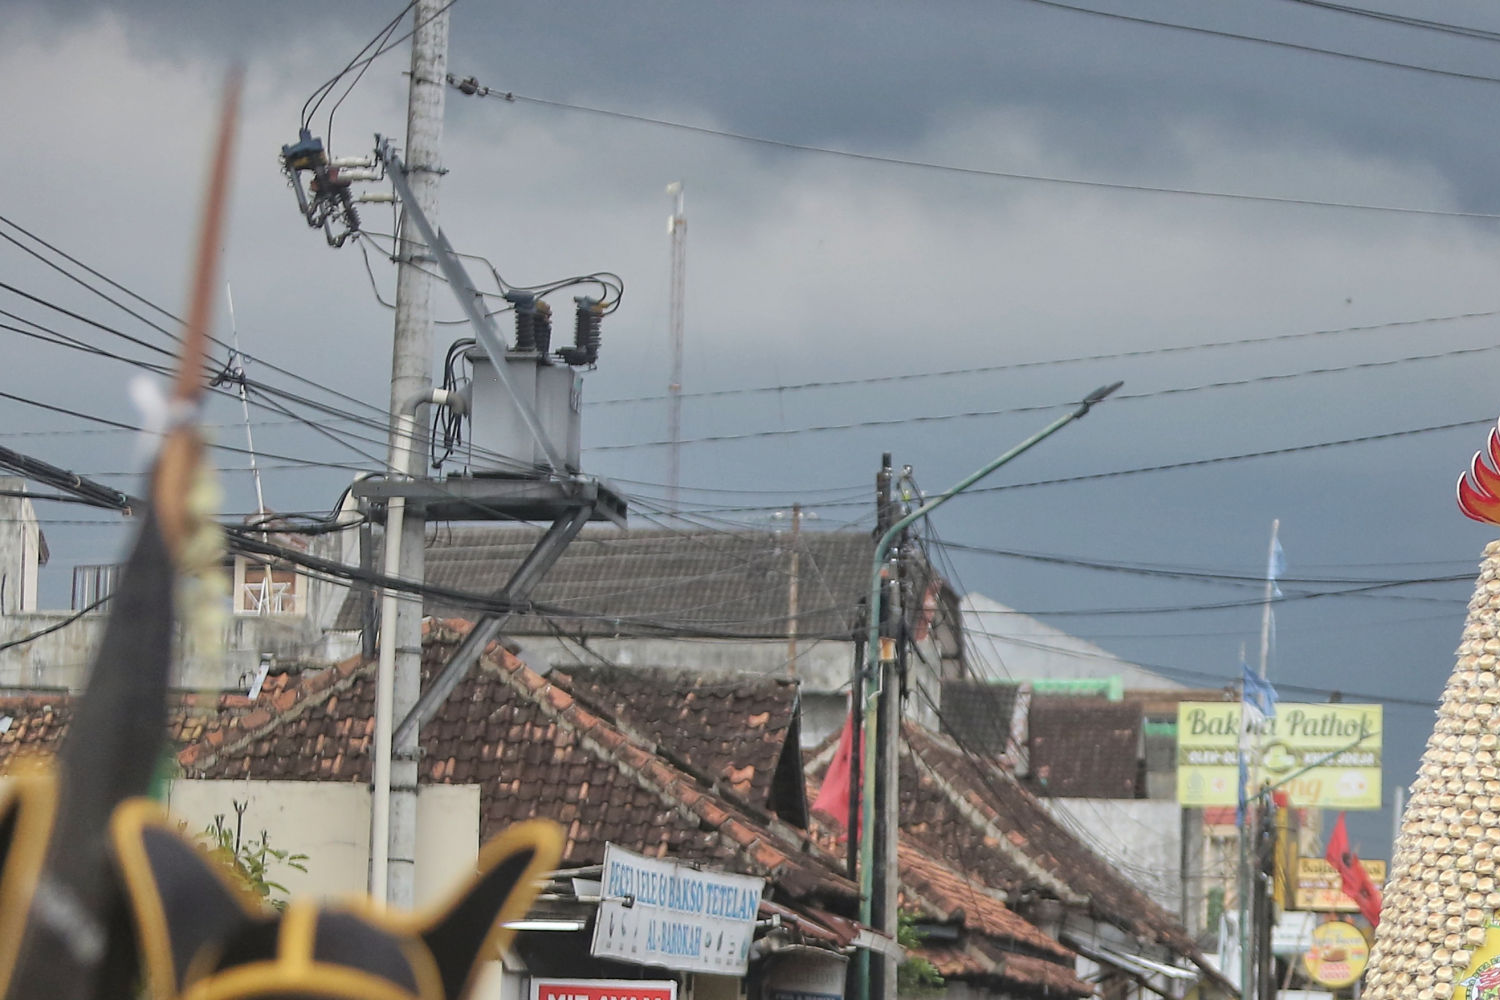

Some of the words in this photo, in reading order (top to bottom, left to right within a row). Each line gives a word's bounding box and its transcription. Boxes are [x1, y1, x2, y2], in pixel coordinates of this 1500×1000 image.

[1285, 709, 1375, 738] Pathok
[636, 869, 658, 906] LELE
[668, 873, 705, 913] BAKSO
[706, 882, 758, 920] TETELAN

+ + + + + + +

— Task requirements —
Type the entries again verbatim. Any pictures should be skipped.

— Response to this task —
Some of the words in this photo, in reading order (top to bottom, left to right within a row). Each line gives a word's bounding box and its transcription. Boxes are [x1, y1, x2, y2], in pixel coordinates of this 1500×1000 image.

[1285, 709, 1375, 738] Pathok
[636, 869, 658, 906] LELE
[668, 873, 705, 913] BAKSO
[706, 882, 758, 920] TETELAN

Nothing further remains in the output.